Down to the last line, print the entries below exactly, and keep every picture out of the copy.

(MATERIAL PROVIDED)
***
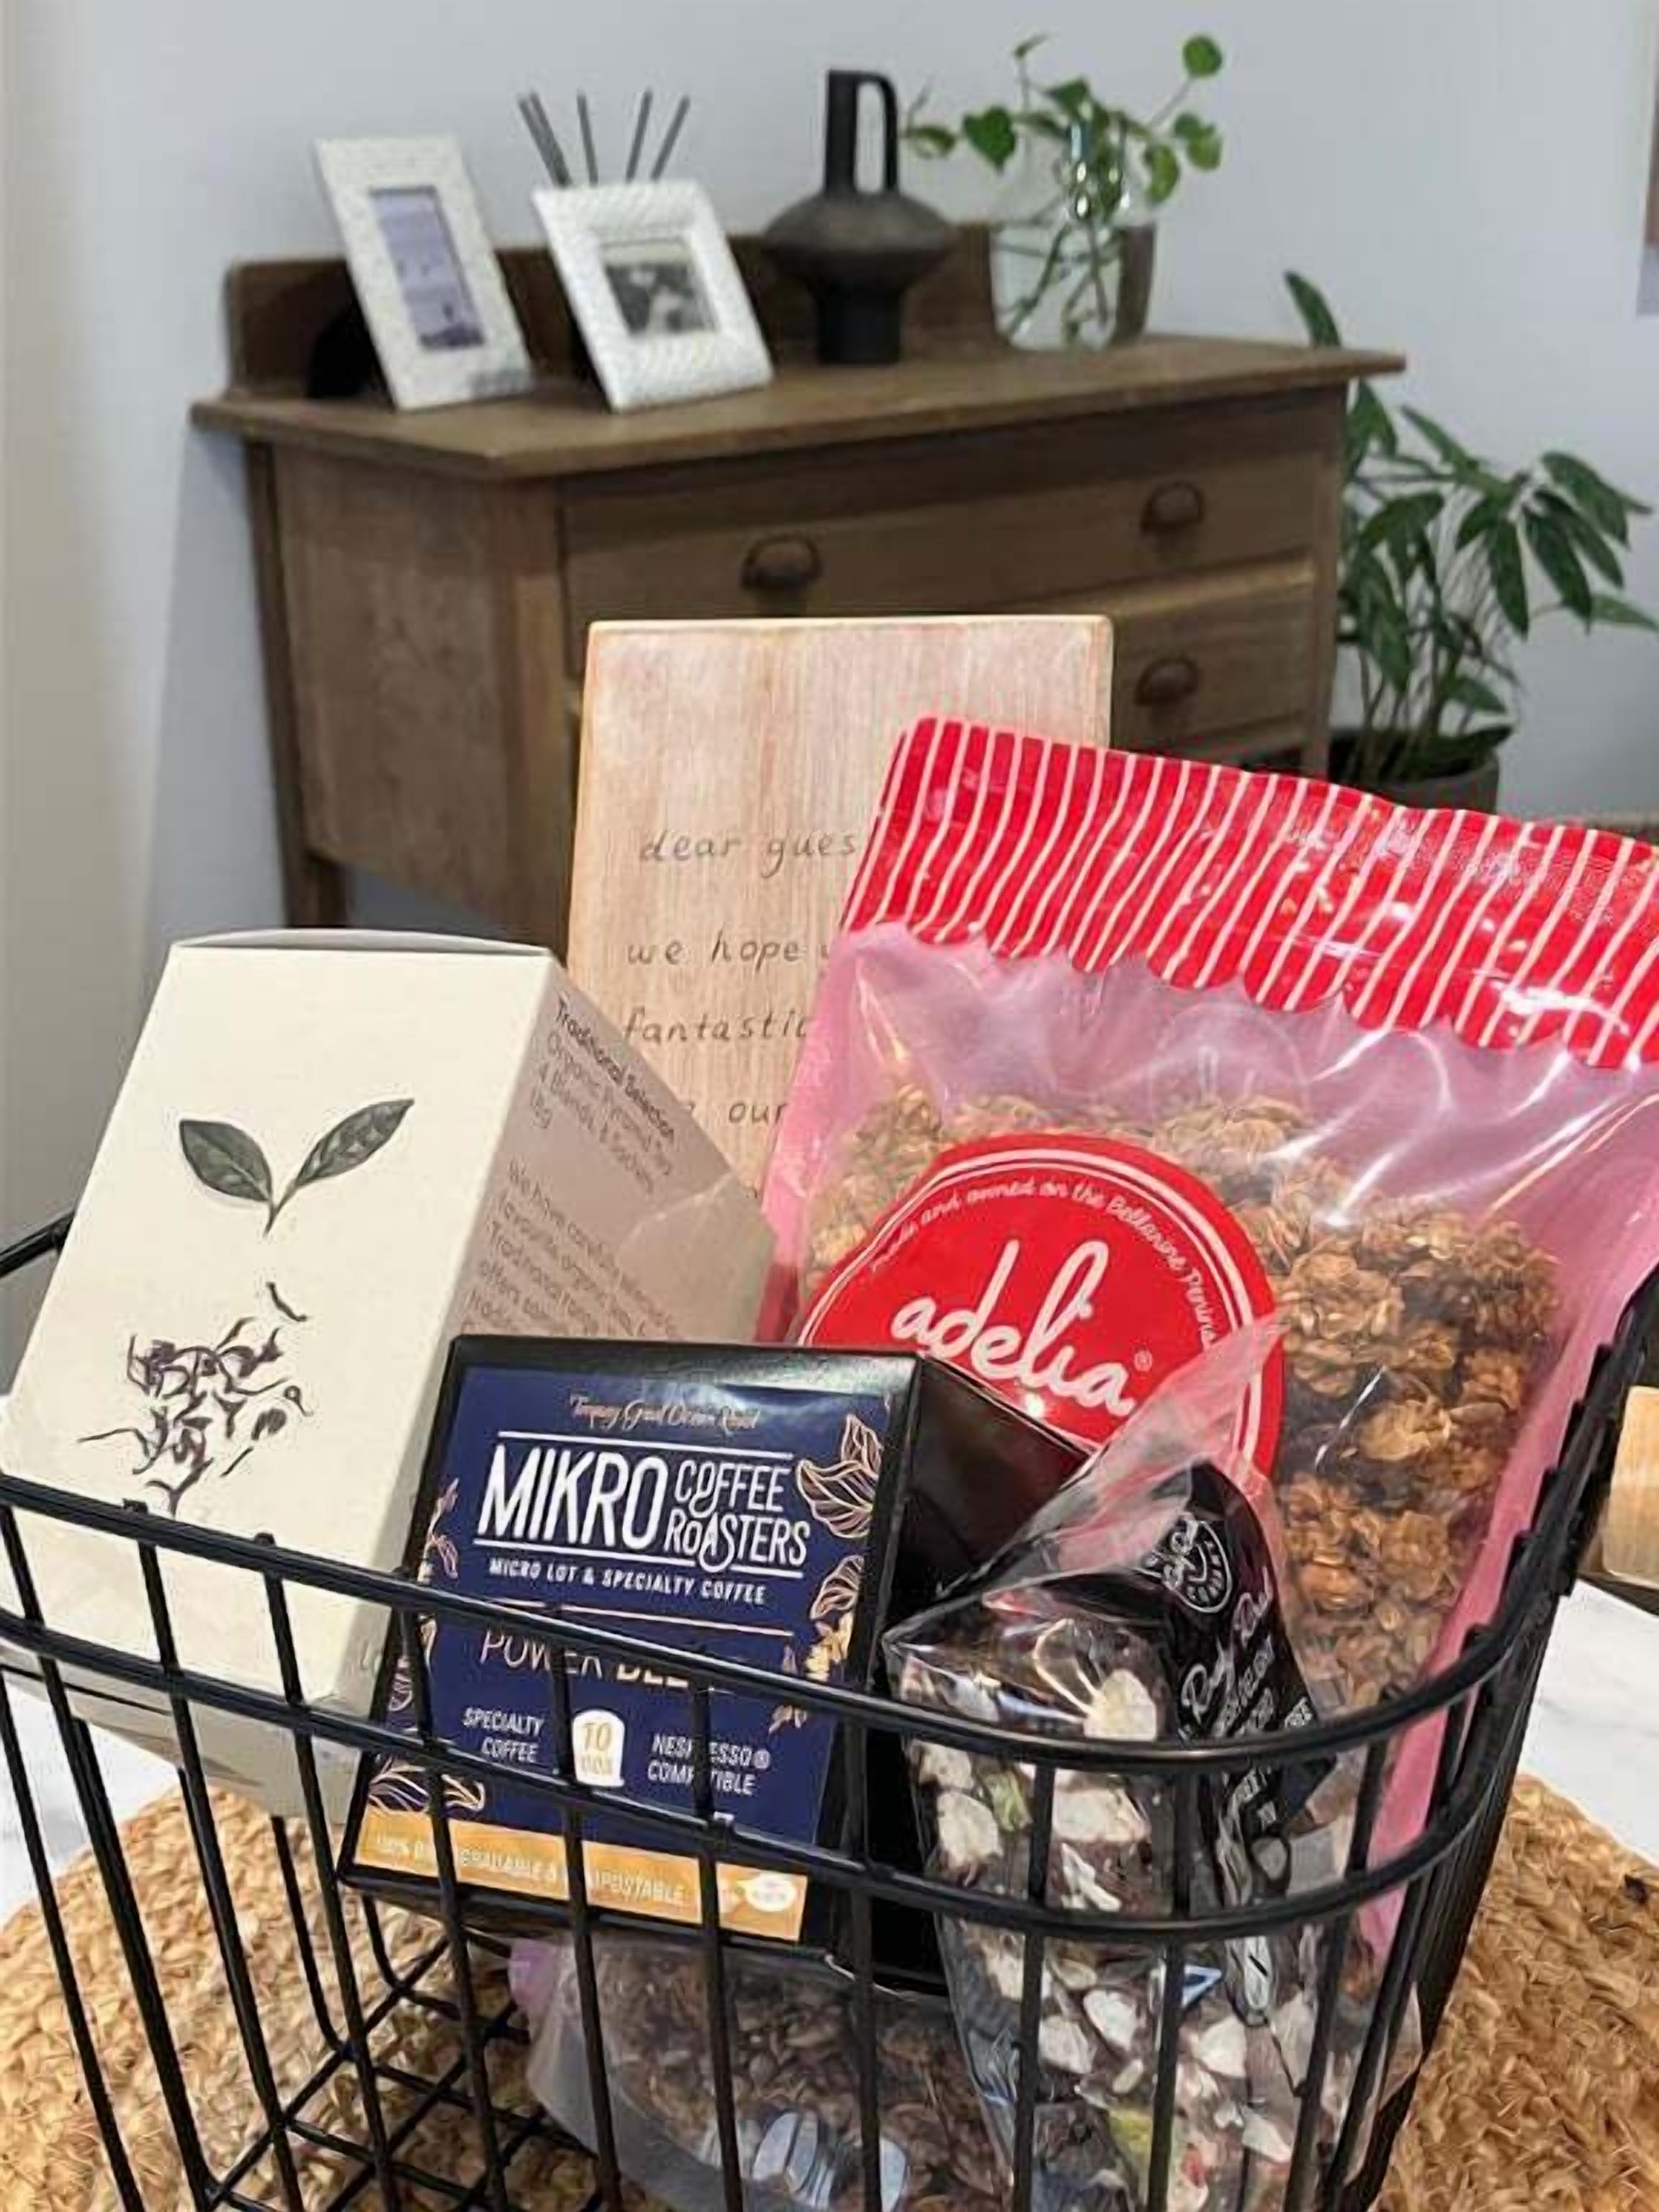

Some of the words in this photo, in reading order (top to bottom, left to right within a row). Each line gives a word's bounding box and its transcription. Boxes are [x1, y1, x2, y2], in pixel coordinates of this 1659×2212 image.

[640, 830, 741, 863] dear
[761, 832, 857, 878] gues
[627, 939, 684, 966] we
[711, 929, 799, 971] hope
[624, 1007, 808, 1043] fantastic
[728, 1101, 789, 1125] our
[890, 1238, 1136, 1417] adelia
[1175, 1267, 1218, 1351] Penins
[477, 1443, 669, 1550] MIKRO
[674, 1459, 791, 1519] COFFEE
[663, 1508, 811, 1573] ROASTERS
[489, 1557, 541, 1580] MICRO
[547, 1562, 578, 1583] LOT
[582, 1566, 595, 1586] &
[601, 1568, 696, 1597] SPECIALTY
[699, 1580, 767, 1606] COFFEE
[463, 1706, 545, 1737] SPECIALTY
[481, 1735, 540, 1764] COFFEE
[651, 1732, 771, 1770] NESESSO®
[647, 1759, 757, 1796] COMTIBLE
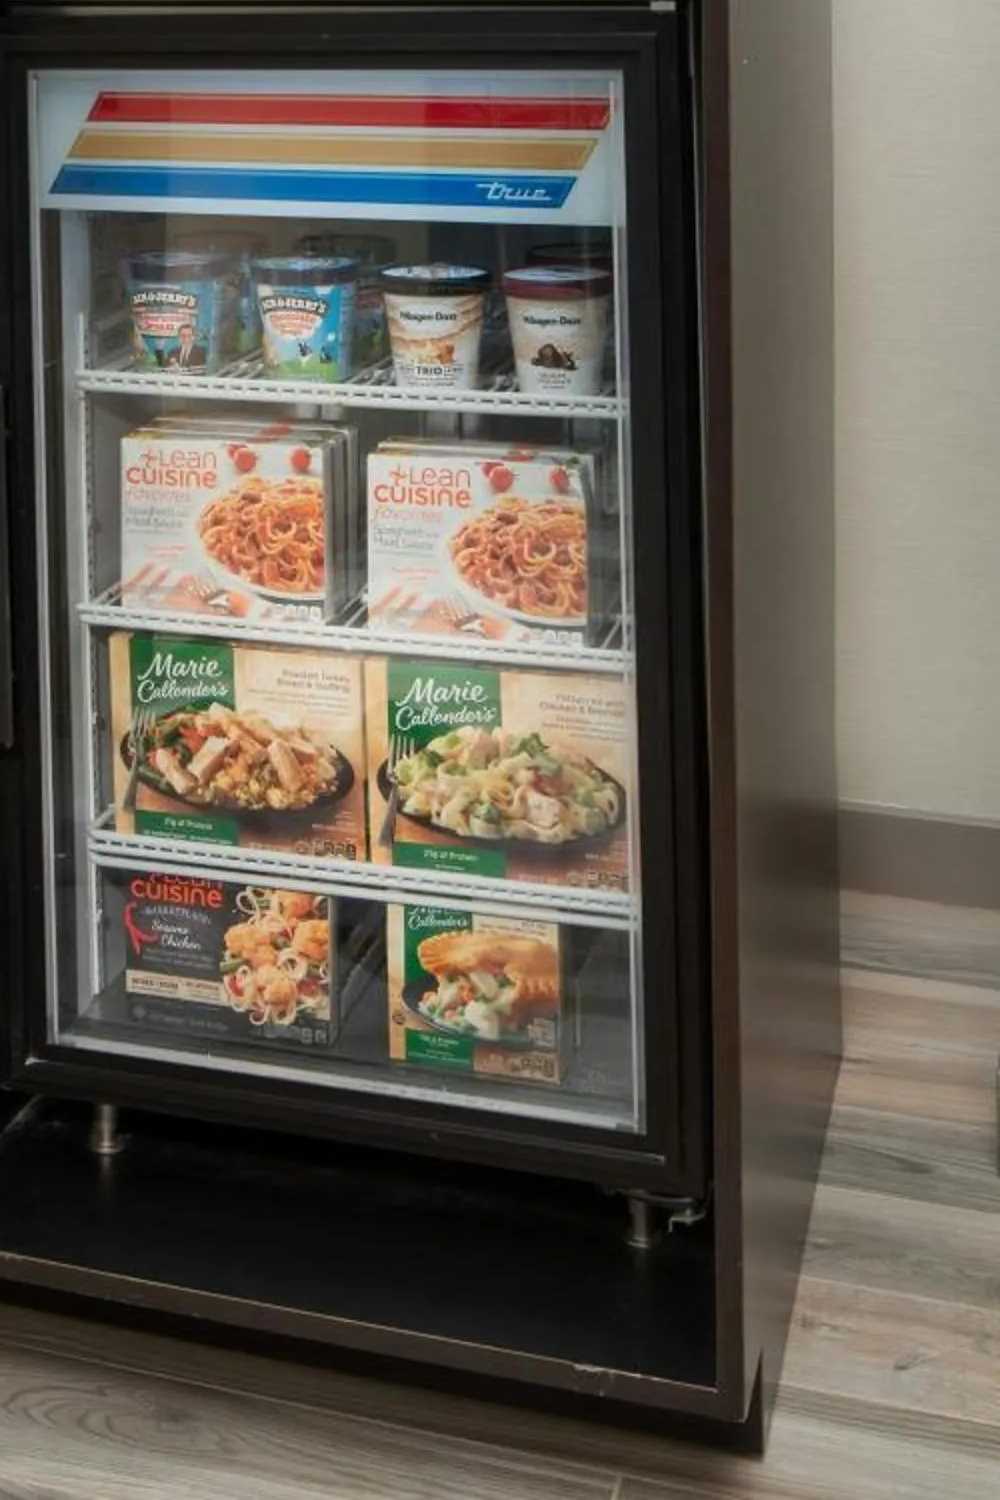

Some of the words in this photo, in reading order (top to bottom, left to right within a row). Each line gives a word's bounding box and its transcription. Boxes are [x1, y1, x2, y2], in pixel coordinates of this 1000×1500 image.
***
(SOLUTION TO THE EXERCISE)
Some of the words in this photo, in reading order (top to bottom, left to right within a row). Each line gives a word's bounding box and its transcription. Boxes are [x1, y1, x2, y2], in pixel coordinates of this 1659×2212 image.

[640, 830, 741, 863] dear
[761, 832, 857, 878] gues
[627, 939, 684, 966] we
[711, 929, 799, 971] hope
[624, 1007, 808, 1043] fantastic
[728, 1101, 789, 1125] our
[890, 1238, 1136, 1417] adelia
[1175, 1267, 1218, 1351] Penins
[477, 1443, 669, 1550] MIKRO
[674, 1459, 791, 1519] COFFEE
[663, 1508, 811, 1573] ROASTERS
[489, 1557, 541, 1580] MICRO
[547, 1562, 578, 1583] LOT
[582, 1566, 595, 1586] &
[601, 1568, 696, 1597] SPECIALTY
[699, 1580, 767, 1606] COFFEE
[463, 1706, 545, 1737] SPECIALTY
[481, 1735, 540, 1764] COFFEE
[651, 1732, 771, 1770] NESESSO®
[647, 1759, 757, 1796] COMTIBLE

Some of the words in this photo, in reading order (top to bottom, left to right within a row). Each line gives a word's bounding box and its transcription. Boxes are [x1, y1, x2, y2], in pixel coordinates of this 1000×1500 image.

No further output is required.